Shrugging aside rising inflation and interest rates, the U.S. economy grew at an extremely strong rate of 3.2% annual solid pace from July to September, the government reported Thursday in a healthy upgrade from its earlier estimate from 3rd quarter growth.
The rise in gross domestic product and The economy’s output in goods and services marked a growth after consecutive drops in the Jan-March and April-June period.
Still, many economic experts expect the economy to slow down and slip into recession next year due to higher interest rates being levied by the authorities to combat inflation that earlier this year reached heights that had not been noticed since the 1980s.
During the Third quarter, growth was solid exports and healthy consumer spending.
Investment in housing plunged yearly at 27.1%, hammered by higher mortgage rates.
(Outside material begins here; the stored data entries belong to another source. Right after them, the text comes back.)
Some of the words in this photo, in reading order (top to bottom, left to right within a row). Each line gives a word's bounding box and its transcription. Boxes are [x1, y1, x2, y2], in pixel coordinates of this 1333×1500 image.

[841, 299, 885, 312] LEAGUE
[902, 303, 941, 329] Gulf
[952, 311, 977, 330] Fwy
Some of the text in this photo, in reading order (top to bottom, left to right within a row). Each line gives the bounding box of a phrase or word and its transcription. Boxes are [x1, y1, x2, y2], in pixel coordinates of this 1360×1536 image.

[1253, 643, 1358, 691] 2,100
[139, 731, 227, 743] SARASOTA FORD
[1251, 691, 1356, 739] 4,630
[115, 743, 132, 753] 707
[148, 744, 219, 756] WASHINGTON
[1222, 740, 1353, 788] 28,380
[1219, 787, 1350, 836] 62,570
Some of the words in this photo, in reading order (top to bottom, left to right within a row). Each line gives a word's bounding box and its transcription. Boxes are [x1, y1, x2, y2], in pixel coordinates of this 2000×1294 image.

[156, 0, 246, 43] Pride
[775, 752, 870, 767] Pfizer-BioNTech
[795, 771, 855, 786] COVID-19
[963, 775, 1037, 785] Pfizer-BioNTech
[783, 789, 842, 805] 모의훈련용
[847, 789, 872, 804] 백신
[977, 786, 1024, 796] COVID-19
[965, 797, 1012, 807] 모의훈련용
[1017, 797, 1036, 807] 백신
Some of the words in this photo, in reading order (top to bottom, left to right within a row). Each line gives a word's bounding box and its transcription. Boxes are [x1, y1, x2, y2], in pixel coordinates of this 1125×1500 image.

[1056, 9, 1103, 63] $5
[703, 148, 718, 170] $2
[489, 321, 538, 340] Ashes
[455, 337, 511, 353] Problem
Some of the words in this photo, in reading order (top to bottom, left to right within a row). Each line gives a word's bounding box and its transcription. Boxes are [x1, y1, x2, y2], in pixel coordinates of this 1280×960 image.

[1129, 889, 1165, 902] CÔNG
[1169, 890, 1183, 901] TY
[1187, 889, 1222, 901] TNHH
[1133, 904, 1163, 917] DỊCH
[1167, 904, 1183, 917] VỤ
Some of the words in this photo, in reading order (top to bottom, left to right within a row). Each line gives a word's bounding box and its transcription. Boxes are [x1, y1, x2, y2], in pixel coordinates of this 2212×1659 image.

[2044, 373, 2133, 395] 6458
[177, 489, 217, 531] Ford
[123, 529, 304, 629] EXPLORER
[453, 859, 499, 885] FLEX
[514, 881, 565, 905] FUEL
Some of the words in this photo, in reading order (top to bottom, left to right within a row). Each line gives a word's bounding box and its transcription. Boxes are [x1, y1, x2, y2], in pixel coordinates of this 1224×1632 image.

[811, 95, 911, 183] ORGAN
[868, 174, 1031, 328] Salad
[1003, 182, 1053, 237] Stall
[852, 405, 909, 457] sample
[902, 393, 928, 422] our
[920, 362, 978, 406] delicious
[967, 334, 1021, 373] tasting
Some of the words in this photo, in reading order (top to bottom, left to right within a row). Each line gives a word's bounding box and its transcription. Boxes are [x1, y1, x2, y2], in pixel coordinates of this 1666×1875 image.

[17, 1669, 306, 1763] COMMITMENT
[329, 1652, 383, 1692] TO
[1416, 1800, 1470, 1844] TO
In its previous estimate of 3rd quarter growth issued on Nov 30, the commerce department has pegged July – Sept growth at an annual rate of 2.9%. Behind the upgrade to Thursday’s 3.2% was a more substantial rise in spending by a consumer. Revised up to a 2.3% yearly rate from 1.7% in nov estimate.
Inflation which had not been a severe problem for almost 40 years, returned in 2021. It was set off by a strong recovery from the coronavirus recession of 2020 brought up by government stimulus. The Authorities were slow to recognize the severity of the inflation, and it only started rising after the march.